Edified in the 10th and 11th centuries. The main interest of the Saint-Pé la Moraine chapel lies not in its architecture, however, but in its exceptional decoration (sculptures, reuse…).
Chapel of Saint-Pierre or Saint-Pé-de-la-Moraine
This pretty chapel is located on a moraine – a lateral glacial deposit – of the Larboust glacier.
Although it was altered in the late Middle Ages, Saint-Pé-de-la-Moraine, built in a mixture of limestone, granite, schist and salvaged antique materials, is representative of the early Romanesque style in the mountainous Comminges of the Middle Ages, which drew on its rich Gallo-Roman heritage. The chapel also features a number of cinerary trough lids, or funerary urns, with slightly less conventional representations. On the chevet buttress, particularly on the slab at its base, the sculptor has added attributes (pottery and a series of tools) to the usual simple busts embodying the deceased. The intention was certainly to evoke their professional activity.
But the building was built in the middle of an area where traces of occupation go back well beyond this period.
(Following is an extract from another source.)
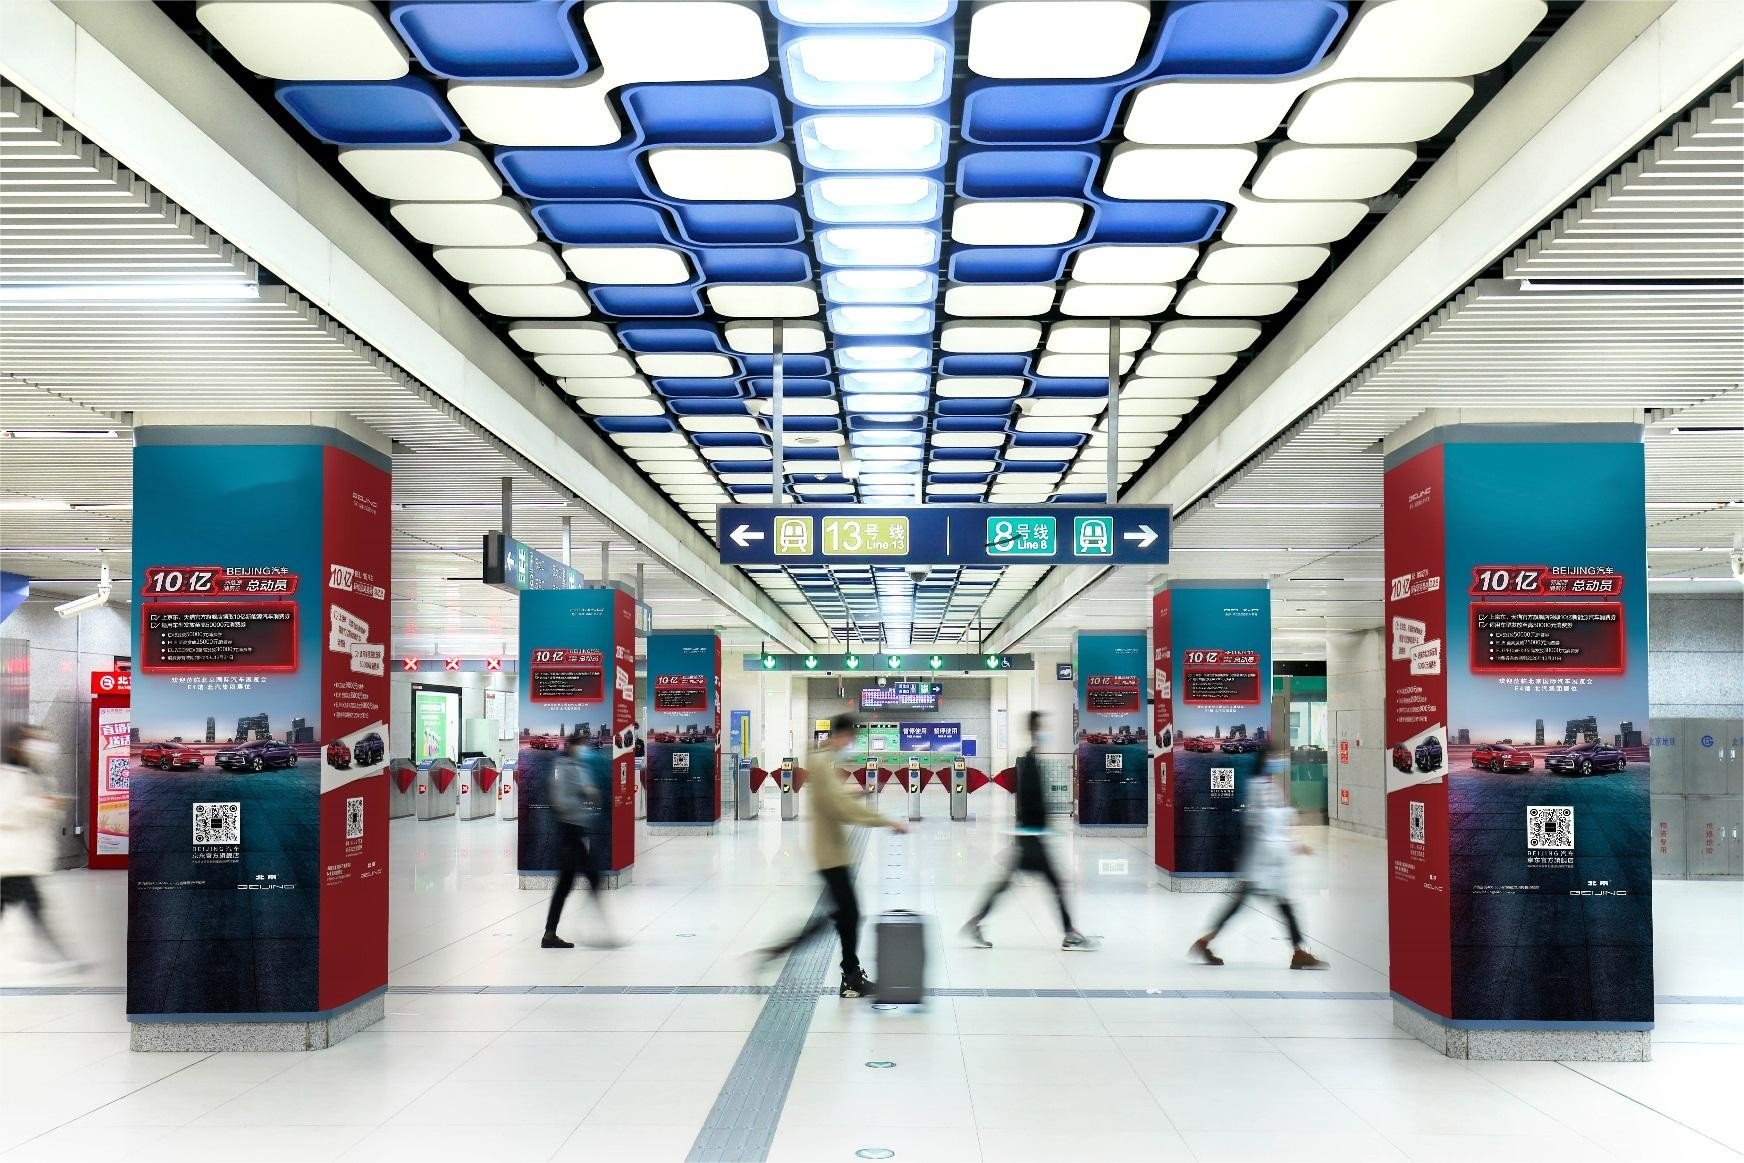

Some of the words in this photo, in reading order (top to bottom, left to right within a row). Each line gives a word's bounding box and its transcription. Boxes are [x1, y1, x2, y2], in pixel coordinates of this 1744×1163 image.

Excavations have revealed that the chapel lies at the heart of a network of Neolithic burial sites.
Inside, the pebble paving, probably contemporary with the erection of the chapel, features a fish in one place, a Christian symbol dating back to the origins of Christianity.
Also worth seeing: the altarpiece, full of colour, with its trompe-l’oeil paintings. The motifs correspond to the ornamental vocabulary of 17th-century altarpieces. Listed as a Historic Monument, it dates from 1682, but its statues probably date from earlier (Peter, the chapel’s patron saint, and Saints Blaise and James).